While Nokia has been accused of “abdicating its responsibilities” and “washing its hands” of Qt, it appears that the company has in fact not acted in this way. After seeking a partner to take on the commercial business since 2010, Digia was selected and the transaction is expected to close by the end of March 2011, at which point Nokia will continue to invest in future development of Qt for its own core objectives, but also the overall benefit of all users, both commercial and LGPL.

The move arguably has some sense to it. Nokia has never had a large interest in selling software licenses, but undertook this role with Qt as part of continuing the operations of the company it acquired (Trolltech ASA) in 2008.

Under the arrangement with Digia, Nokia gets to focus on the pieces of Qt that are relevant to its own core business, while the user base of paying customers, mainly desktop and embedded specialists, will get specialised attention, service and even product improvements from a company with software license sales at the core of its interests.

Digia is expected to invest heavily in R&D to provide items specifically requested by commercial customers, so in essence this news is positive for the desktop and embedded customers. Innovation for both platforms played second fiddle to mobile-specific changes, fixes and improvements under Nokia rule. These changes will be merged into Qt, with Nokia continuing the lion’s share of the development work.

Speaking exclusively to Business Computing World, Qt’s David Stone underlined the fact that Nokia and Digia already have a close relationship and will continue to cooperate on software development processes that will ultimately improve the Qt source code, as well as in help to provide the best possible framework for the community of Qt mobile and desktop/embedded developers.

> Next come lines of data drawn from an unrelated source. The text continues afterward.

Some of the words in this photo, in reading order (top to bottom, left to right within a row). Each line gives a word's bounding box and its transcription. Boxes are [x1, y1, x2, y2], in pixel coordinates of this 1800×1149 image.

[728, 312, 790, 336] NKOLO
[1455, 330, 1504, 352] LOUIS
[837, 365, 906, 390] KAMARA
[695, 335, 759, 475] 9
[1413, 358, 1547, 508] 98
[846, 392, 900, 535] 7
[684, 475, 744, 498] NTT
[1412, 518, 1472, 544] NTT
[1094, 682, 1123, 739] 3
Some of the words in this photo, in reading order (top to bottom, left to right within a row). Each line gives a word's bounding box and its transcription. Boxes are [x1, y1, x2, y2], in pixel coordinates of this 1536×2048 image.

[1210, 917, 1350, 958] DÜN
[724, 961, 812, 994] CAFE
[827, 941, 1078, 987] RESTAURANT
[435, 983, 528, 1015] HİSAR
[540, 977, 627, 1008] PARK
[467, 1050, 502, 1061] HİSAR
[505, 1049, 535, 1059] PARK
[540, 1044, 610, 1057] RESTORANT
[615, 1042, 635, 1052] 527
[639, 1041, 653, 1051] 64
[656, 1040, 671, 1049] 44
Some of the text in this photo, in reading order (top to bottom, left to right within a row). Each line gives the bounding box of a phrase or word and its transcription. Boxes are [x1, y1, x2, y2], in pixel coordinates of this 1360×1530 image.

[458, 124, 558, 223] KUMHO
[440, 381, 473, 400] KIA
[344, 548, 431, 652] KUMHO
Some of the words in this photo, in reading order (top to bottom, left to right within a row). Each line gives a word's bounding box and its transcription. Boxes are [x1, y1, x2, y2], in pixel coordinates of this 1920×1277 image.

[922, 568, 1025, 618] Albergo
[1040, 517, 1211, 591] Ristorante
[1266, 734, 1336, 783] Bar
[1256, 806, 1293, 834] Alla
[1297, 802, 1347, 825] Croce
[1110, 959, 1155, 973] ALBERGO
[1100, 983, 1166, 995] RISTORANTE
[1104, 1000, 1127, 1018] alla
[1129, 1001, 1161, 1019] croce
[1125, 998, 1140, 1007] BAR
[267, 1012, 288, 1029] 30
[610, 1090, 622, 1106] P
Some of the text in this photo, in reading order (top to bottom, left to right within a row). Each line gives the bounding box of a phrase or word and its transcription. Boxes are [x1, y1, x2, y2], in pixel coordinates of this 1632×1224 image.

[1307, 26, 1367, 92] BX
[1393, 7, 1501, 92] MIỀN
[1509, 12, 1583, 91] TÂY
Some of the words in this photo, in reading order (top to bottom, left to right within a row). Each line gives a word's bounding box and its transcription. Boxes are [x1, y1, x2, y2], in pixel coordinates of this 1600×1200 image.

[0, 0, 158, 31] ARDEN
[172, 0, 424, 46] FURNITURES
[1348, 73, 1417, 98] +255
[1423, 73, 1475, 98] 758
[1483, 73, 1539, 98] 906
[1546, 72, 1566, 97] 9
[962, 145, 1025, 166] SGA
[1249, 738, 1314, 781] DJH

Stone also underlined the fact that the agreement with Helsinki-based Digia will see the company be responsible for issuing all Qt Commercial software licenses and for providing dedicated services and support to licensees. To achieve a smooth transition during this process, Nokia’s Qt technical support team will support and work closely with Digia for a period of around a year with work beginning immediately.

Writing on the official Qt blog, Sebastian Nyström who is vice president, head of MeeGo, Qt and Webkit at Nokia has said that, “Qt continues to be an important technology for Nokia and it is critical that Qt’s growth and success can continue. While Nokia will continue to invest in developing Qt as a cross-platform framework for mobile, desktop and embedded segments, focusing on open source development and expansion, we wanted a partner who can drive the commercial licensing and services business around Qt. Digia has proven, in-depth Qt expertise, operational excellence and a keen interest in growing and improving the overall Qt community and so well positioned to expand the Qt Commercial licensing and services business.”